Travis CI is a continuous integration^[2]
service used to build and test software projects hosted on cloud
repository platforms such as GitHub and Bitbucket.

The issue, previously reported in 2015 and 2019^[3], is rooted in the fact
that the API^[4]
permits access to historical logs in cleartext format, enabling a
malicious party to even “fetch the logs that were previously
unavailable via the API.”

The logs go all the way back to January 2013 and up until May
2022, ranging from log numbers 4,280,000 to 774,807,924, which are
used to retrieve a unique cleartext log through the API.

What’s more, further analysis of 20,000 logs revealed as many as
73,000 tokens, access keys, and other credentials associated with
various cloud services like GitHub, AWS, and Docker Hub.

This is despite Travis CI’s attempts to rate-limit the API^[5]
and automatically filter out^[6] secure environment
variables and tokens from build logs by displaying the string
“[secure]” in their place.

One of the critical insights is that while “github_token” was
obfuscated, 20 other variations of this token that followed a
different naming convention — including github_secret, gh_token,
github_api_key, and github_secret — weren’t masked by Travis
CI.

“Travis CI slowed down the velocity of API calls, which hinders
the ability to query the API,” the researchers said. “In this case
however, this was not enough.

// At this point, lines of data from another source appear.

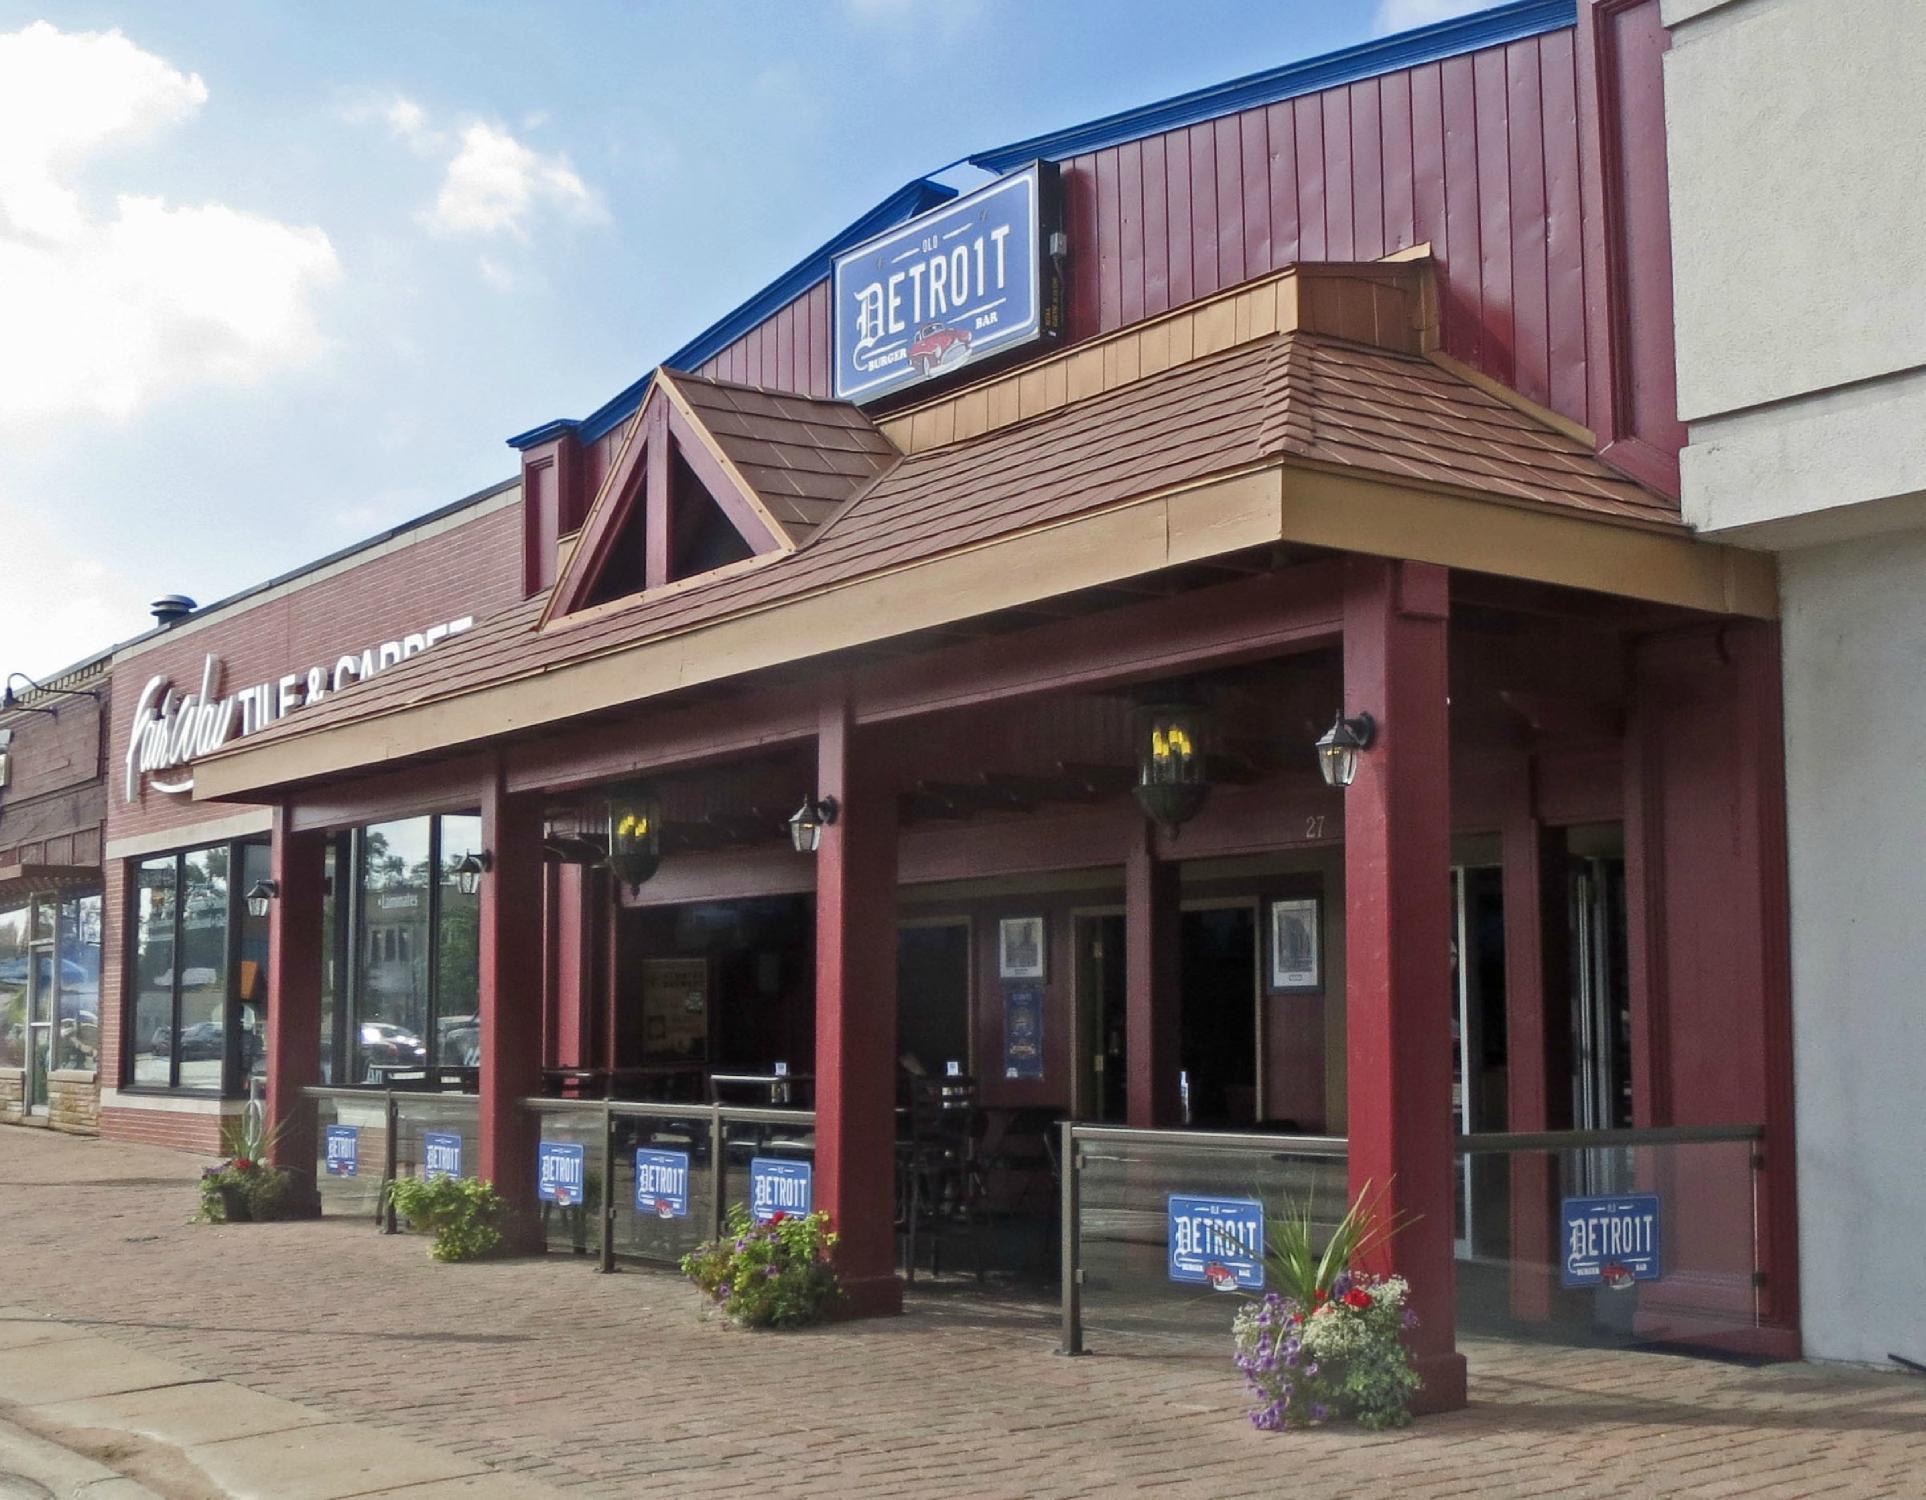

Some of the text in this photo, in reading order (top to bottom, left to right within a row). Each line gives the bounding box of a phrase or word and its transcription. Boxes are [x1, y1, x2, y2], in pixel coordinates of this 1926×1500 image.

[922, 235, 938, 253] OLD
[975, 311, 998, 329] BAR
[867, 348, 907, 372] BURGER
[1306, 815, 1325, 838] 27
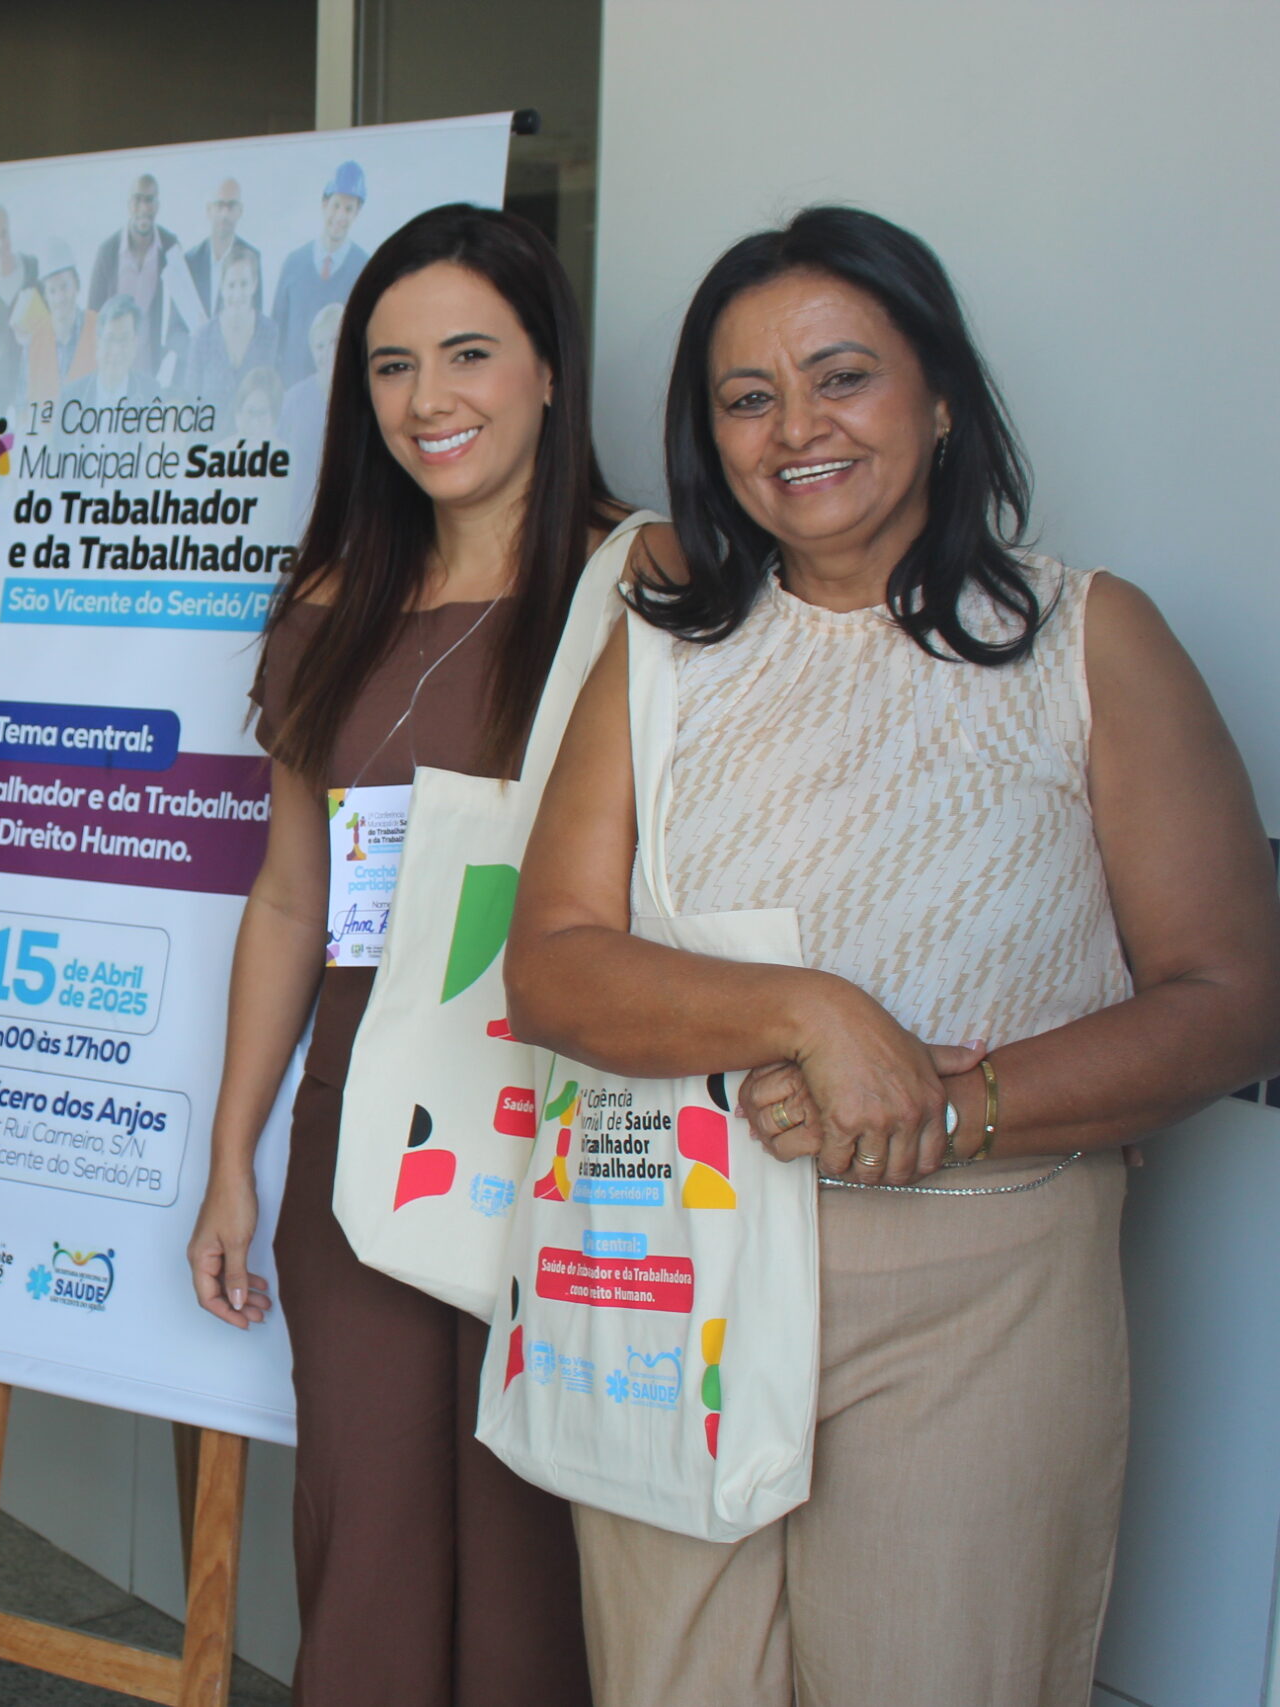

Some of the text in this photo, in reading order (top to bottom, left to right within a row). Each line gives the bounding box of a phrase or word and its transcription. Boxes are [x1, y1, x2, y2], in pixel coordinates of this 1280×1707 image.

[25, 396, 216, 436] 1ª Conferência
[19, 440, 291, 488] Municipal de Saúde
[14, 489, 258, 526] do Trabalhador
[8, 534, 300, 575] e da Trabalhadora
[8, 586, 273, 620] São Vicente do Seridó/P
[61, 725, 154, 753] central:
[87, 790, 105, 810] e
[108, 785, 140, 813] da
[80, 826, 193, 863] Humano.
[381, 835, 404, 843] Trabal
[63, 958, 89, 983] de
[91, 962, 144, 989] Abril
[58, 984, 149, 1017] de 2025
[36, 1031, 62, 1055] às
[64, 1034, 131, 1065] 17h00
[51, 1091, 94, 1121] dos
[96, 1097, 168, 1136] Anjos
[503, 1096, 535, 1114] Saúde
[587, 1087, 633, 1109] Coência
[606, 1110, 623, 1131] de
[624, 1109, 672, 1131] Saúde
[2, 1116, 31, 1139] Rui
[109, 1134, 147, 1160] S/N
[46, 1153, 70, 1176] do
[72, 1155, 162, 1192] Seridó/PB
[541, 1258, 566, 1275] Saúde
[615, 1269, 621, 1280] e
[623, 1267, 633, 1281] da
[633, 1268, 692, 1285] Trabalhadora
[54, 1278, 106, 1304] SAÚDE
[614, 1286, 656, 1303] Humano.

A skilled threat actor can find a
workaround to bypass this.”

“However, combining the ease of accessing the logs via the API,
incomplete censoring, accessing ‘restricted’ logs, and a weak
process for rate limiting and blocking access to the API, coupled
with a large number of potentially exposed logs, results in a
critical situation.”

Travis CI, in response to the findings, has said the issue is
“by design,” necessitating that users follow best practices to
avoid leaking secrets in build logs and periodically rotate tokens
and secrets.

The findings are particularly significant in the wake of an
April 2022 attack campaign^[7] that leveraged stolen
OAuth user tokens issued to Heroku and Travis CI to escalate access
to NPM infrastructure and clone select private repositories.